Il estime que cette pièce constitue un faux intellectuel, puisque le logiciel permettant d’éditer le listing prend en compte les dernières informations pour actualiser le dossier du patient ; que cette pièce n’a été éditée que le 22 mai 2015, de sorte que des modifications ont nécessairement été enregistrées dans le logiciel entre le 13 août 2012, le décès de la patiente et le 22 mai 2015. Il ajoute qu’ayant pris en charge la patiente à compter du 14 août 2012 à 18 h, son nom a écrasé celui des autres médecins qui sont intervenus jusque là. Il indique que c’est une erreur de conception du logiciel qui est bien connue par la clinique. Il soutient que Mme [E] était identifiée au nom du docteur [Y] lorsque le listing a été édité depuis le logiciel le 14 août 2012 au matin.
Il estime que cette pièce altère la vérité de façon consciente et volontaire et a pour effet de faire la preuve d’un fait ayant des conséquences juridiques.
Il se plaint que cette pièce a entretenu une confusion et un doute sur l’éventuelle responsabilité de M. [I].
Il soutient que cette déloyauté de la clinique ne pouvait permettre la poursuite de l’exécution du contrat d’exercice libéral, car ceci a rompu la confiance qu’il avait en la clinique.
Il allègue avoir subi un préjudice moral, économique et professionnel.
Il conteste l’atteinte à l’image de la clinique et la procédure abusive.
Dans ses dernières conclusions transmises par voie électronique le 28 octobre 2025, la Sasu Capio Clinique des Cèdres, intimée et appelante incidente, demande à la cour de:
A titre principal ,
— juger que la Clinique des [Etablissement 1] n’a commis aucune faute à l’origine de la rupture du contrat d’exercice la liant au docteur [R] [I] ;
En conséquence :
— juger que la rupture du contrat d’exercice liant le docteur [R] [I] à la Clinique des [Etablissement 1] n’est pas imputable à la Clinique des [Etablissement 1],
— débouter le Docteur [R] [I] de l’intégralité de ses demandes, fins et prétentions,
— confirmer en conséquence le jugement dont appel sur ce point ;
A titre subsidiaire, si la Cour devait considérer que la rupture du contrat d’exercice était imputable à la Clinique des [Etablissement 1] :
— juger que le Docteur [R] [I] ne rapporte aucune preuve permettant de déterminer qu’il a subi un préjudice,
— juger que le Docteur [R] [I] ne justifie pas du montant du préjudice qu’il sollicite,
En conséquence :
— débouter le Docteur [R] [I] de l’intégralité de ses demandes, fins et prétentions,
— confirmer en conséquence le jugement dont appel sur ce point ;
En tout état de cause ,
— réformer le jugement dont appel en ce qu’il a débouté la Clinique des [Etablissement 1] de ses demandes,
— condamner en conséquence le Docteur [R] [I] à payer à la Clinique des [Etablissement 1] la somme de 50 000 euros au titre de dommages et intérêts sur le fondement de l’article 1240 au titre d’une atteinte à l’image et d’une procédure abusive,
— condamner le Docteur [R] [I] à payer à la Clinique des [Etablissement 1] la somme de 6 000 euros au titre de l’article 700 du code de procédure civile, ainsi qu’aux entiers dépens.

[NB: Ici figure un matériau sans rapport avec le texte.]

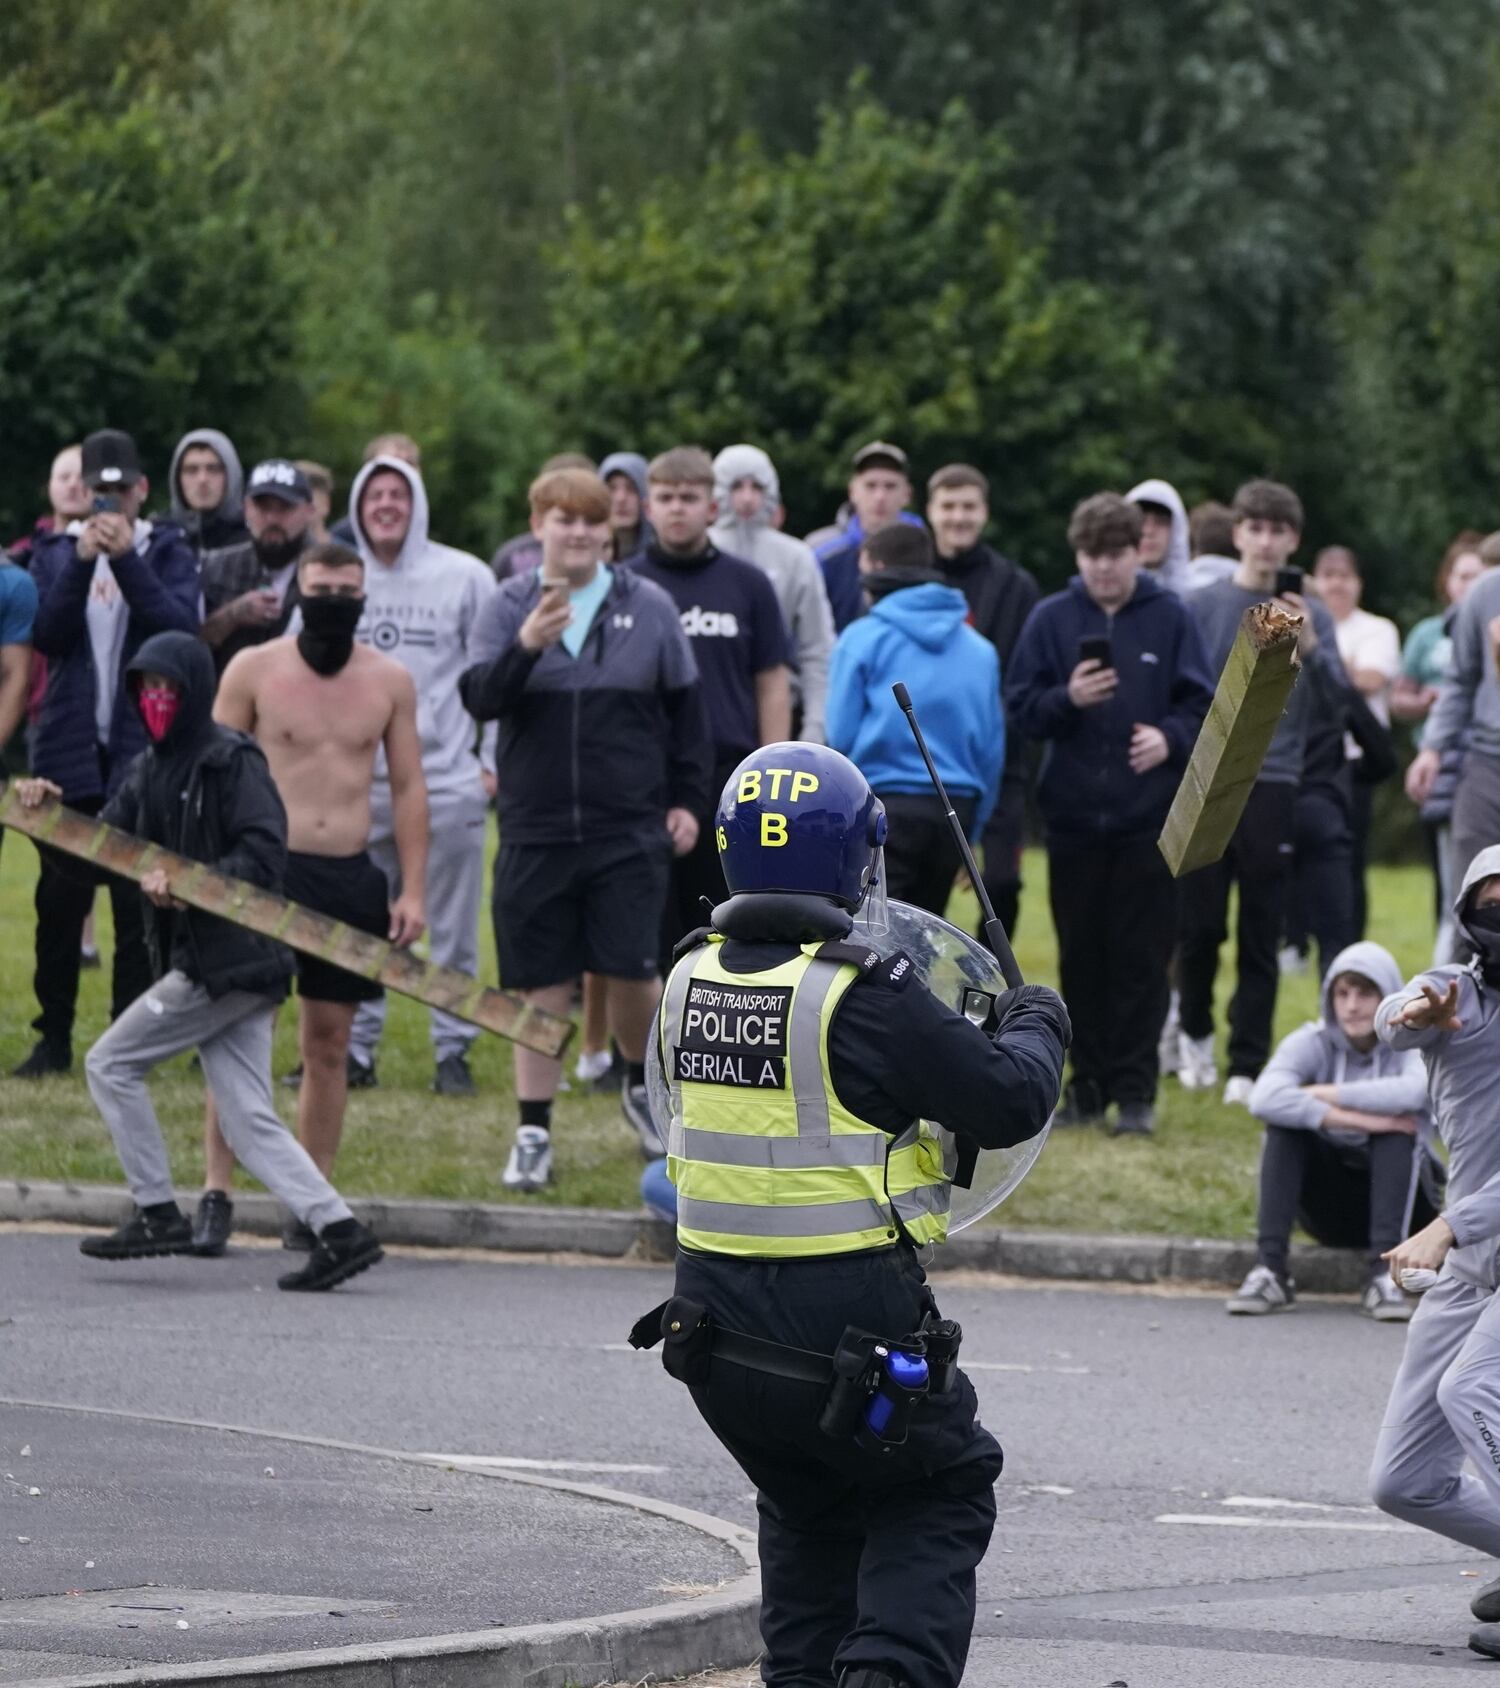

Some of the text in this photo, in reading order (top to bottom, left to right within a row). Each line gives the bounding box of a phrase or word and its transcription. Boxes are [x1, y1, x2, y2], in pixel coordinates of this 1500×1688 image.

Elle conteste avoir produit un faux devant l’expert de la Cci, avec l’intention d’engager la responsabilité du docteur [I] dans le décès de Mme [E].

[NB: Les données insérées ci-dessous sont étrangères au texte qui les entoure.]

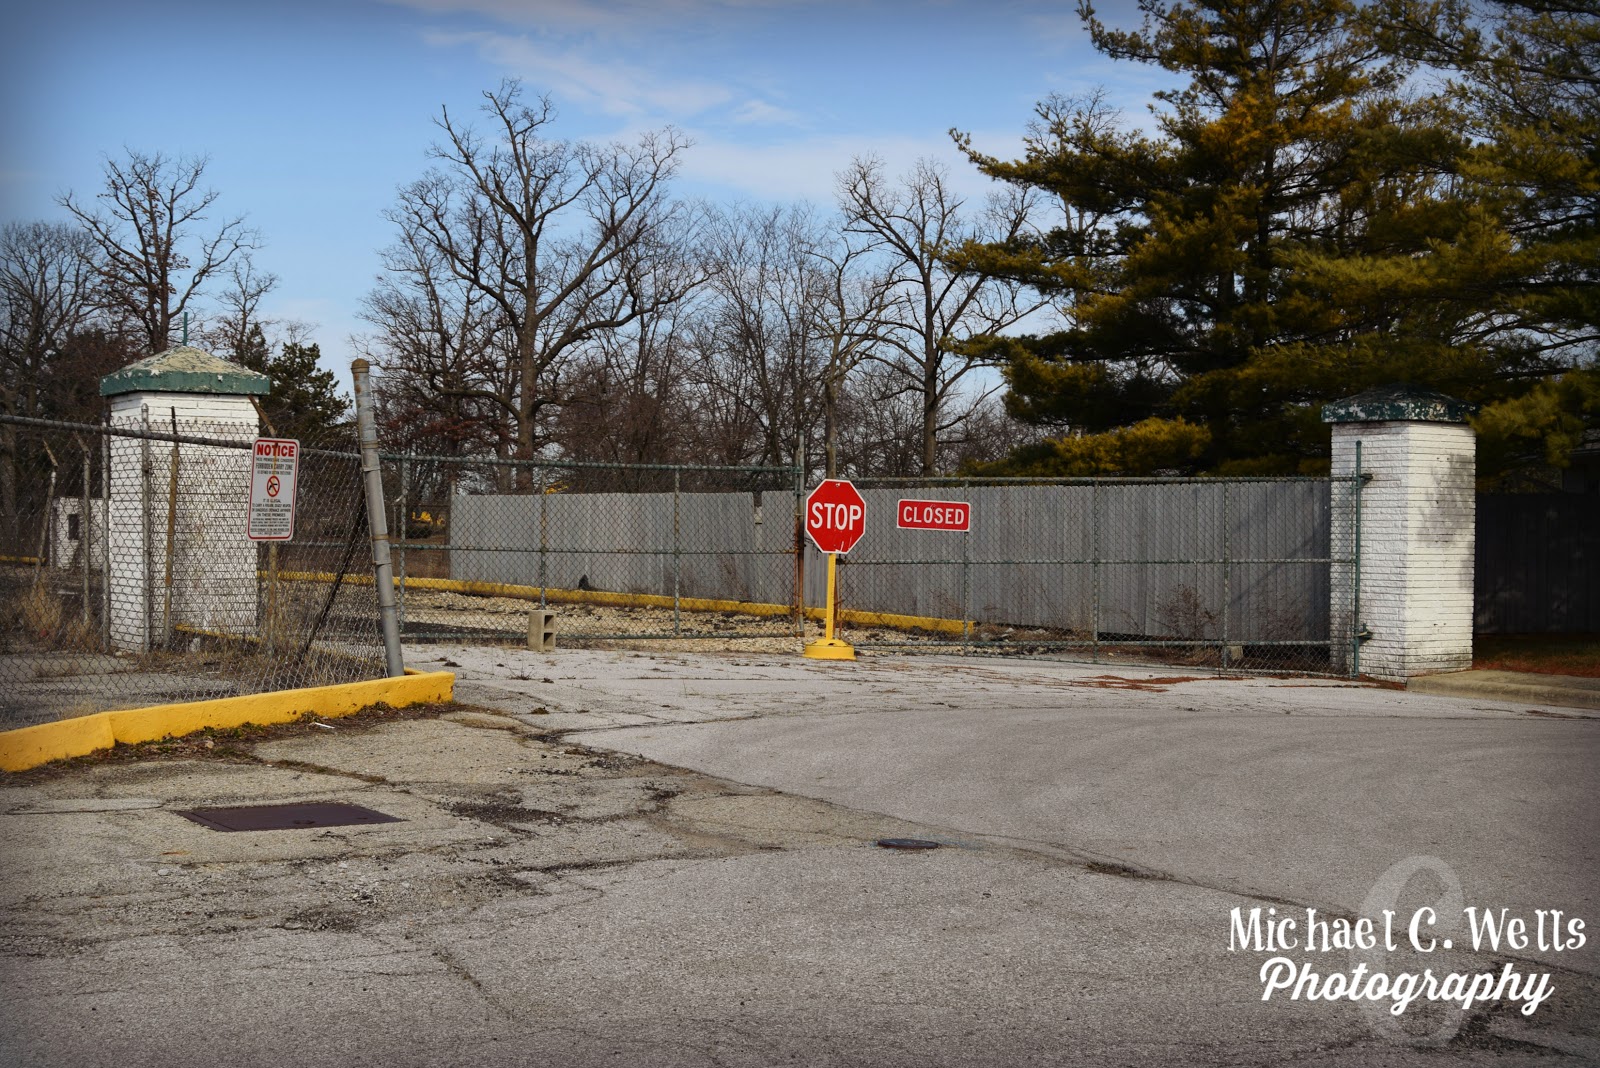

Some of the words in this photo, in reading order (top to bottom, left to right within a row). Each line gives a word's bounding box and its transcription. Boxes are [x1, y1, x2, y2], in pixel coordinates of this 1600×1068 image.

[256, 444, 295, 457] NOTICE
[810, 502, 862, 531] STOP
[903, 506, 965, 525] CLOSED

Elle fait valoir qu’elle n’a été en mesure de produire que les éléments informatiques auxquels elle avait accès. Elle dit qu’elle n’a fait que produire une pièce permettant d’établir la réalité des faits tels qu’ils étaient enregistrés informatiquement. Elle fait valoir qu’il ne s’agit pas d’un document falsifié.
Elle fait valoir que le docteur [I] avait prescrit des examens pour Mme [E] dès le 13 août 2012 au service des urgences, pour le lendemain, ce qui laissait pensait qu’il prendrait en charge cette patient et la suivrait ; qu’elle était donc légitime à considérer que le docteur [I] avait pris en charge la patiente dès ce moment-là, ce d’autant que la patiente a été transférée dans son service.
Subsidiairement, elle conteste le préjudice moral et matériel invoqué par le docteur [I].
Elle estime que la procédure porte atteinte à son image et à sa réputation, et qu’elle est abusive.
L’ordonnance de clôture est intervenue le 17 février 2026. L’affaire a été examinée à l’audience du 2 mars 2026 à 14h00.
MOTIFS DE LA DECISION
Sur l’imputabilité de la rupture du contrat d’exercice libéral :
L’article 1104 du code civil dispose : 'Les contrats doivent être négociée, formés et exécutés de bonne foi. Cette disposition est d’ordre public.'
L’article L 1142-5 du code de la santé publique dispose que « Dans chaque région, une ou plusieurs commissions de conciliation et d’indemnisation sont chargées de faciliter le règlement amiable des litiges relatifs aux accidents médicaux, aux affections iatrogènes et aux infections nosocomiales, ainsi que des autres litiges entre usagers et professionnels de santé, établissements de santé, services de santé ou organismes ou producteurs de produits de santé mentionnés aux articles L. 1142-1 et L. 1142-2. »
Chaque commission de conciliation et d’indemnisation (CCI) joue un double rôle. Elle a, d’une part, une mission de règlement amiable des accidents médicaux relevant de la solidarité nationale; d’autre part, une mission de conciliation tendant à rechercher un accord entre la victime et l’assureur du professionnel de santé responsable. Elle siège, suivant le cas, « en formation de règlement amiable des accidents médicaux » ou « en formation de conciliation » (CSP, art. L. 1142-5 ).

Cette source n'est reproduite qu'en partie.